Cancer Cancer arises when an unhealthy cell that should normally die and be replaced by new, healthy cells undergoes genetic changes causing the unhealthy cell to divide and multiply. As the unhealthy cells divide and multiply, they start to form masses of tissue known as tumors. Malignant tumors can spread to other parts of the body, including the blood and lymphatic systems, causing new cancers throughout the body. Nursing support of cancer patients is multifaceted and involves medical, psychosocial, and spiritual management. Surgery is often categorical treatment for cancers that are contained within a specific body compartment. Surgery may also be performed for relief of symptoms when a tumor is causing pressure or pain (National Cancer Institute, n.d.) Surgery may be performed prophylactically for certain high-risk diseases, such as some breast cancers. Surgery may also be used to grade tumors. Tumors are graded as a 1-2-3-4, based on their rate of growth and level of abnormality. The higher the grade, the more abnormal and rapidly growing the tumor is (National Cancer Institute, 2013).
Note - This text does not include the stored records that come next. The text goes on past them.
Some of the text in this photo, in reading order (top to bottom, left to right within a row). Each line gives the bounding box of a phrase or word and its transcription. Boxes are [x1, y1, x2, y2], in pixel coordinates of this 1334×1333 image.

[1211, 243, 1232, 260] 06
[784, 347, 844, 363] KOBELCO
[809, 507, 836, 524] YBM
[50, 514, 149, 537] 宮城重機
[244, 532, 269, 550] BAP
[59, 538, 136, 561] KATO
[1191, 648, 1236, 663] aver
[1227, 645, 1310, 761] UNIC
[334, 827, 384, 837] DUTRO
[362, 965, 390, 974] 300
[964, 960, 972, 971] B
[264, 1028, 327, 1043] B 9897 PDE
A small, incisional biopsy to collect tissue for microscopic examination can yield information as to the level of aggressiveness, or grade of a tumor. An excisional biopsy may be used to remove the entire tumor if the tumor is small or discovered to be benign.
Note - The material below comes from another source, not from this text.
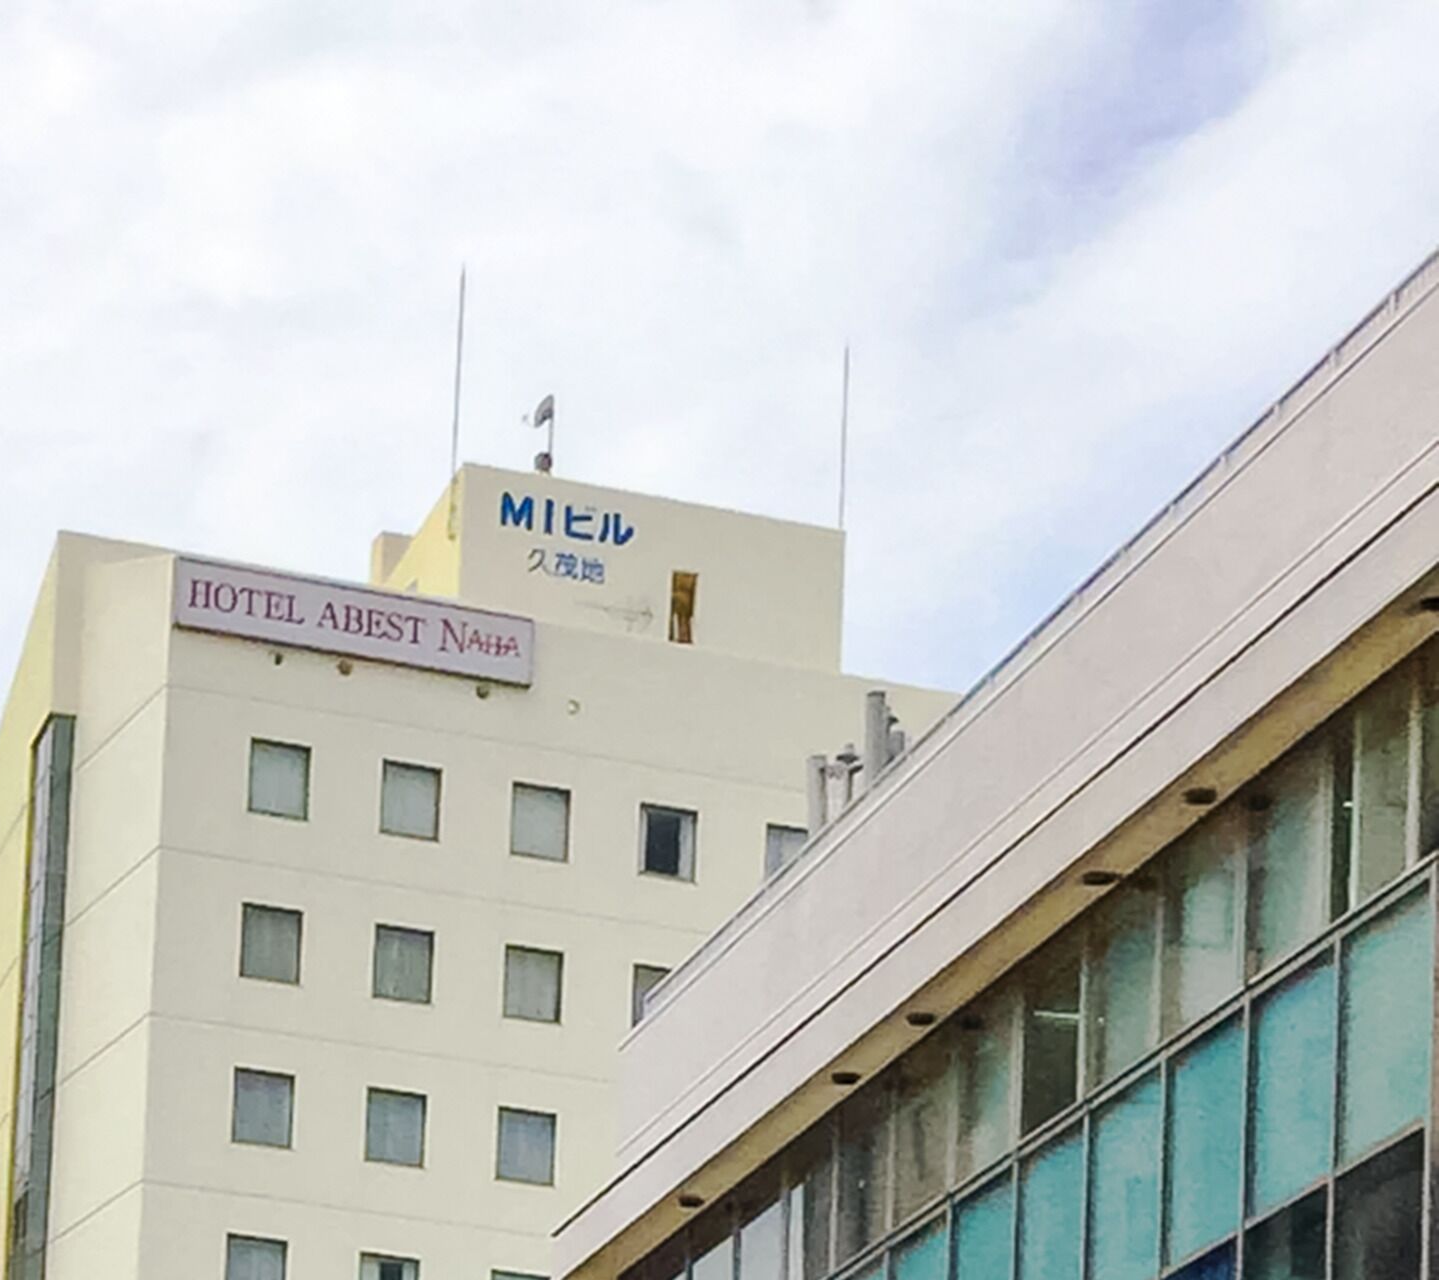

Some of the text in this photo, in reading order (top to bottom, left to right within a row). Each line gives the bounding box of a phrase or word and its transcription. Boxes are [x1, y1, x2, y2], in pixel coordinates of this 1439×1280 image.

It is not possible to accurately determine whether one will develop cancer. There are certain risk factors that increase the likelihood of the development of cancer. Genetic predisposition and age are risk factors that cannot be controlled. Other risk factors include alcohol and tobacco use, sun exposure, chemical exposure to known carcinogens, infection, obesity, diet, hormone use, and immunosuppression (National Cancer Institute, 2015).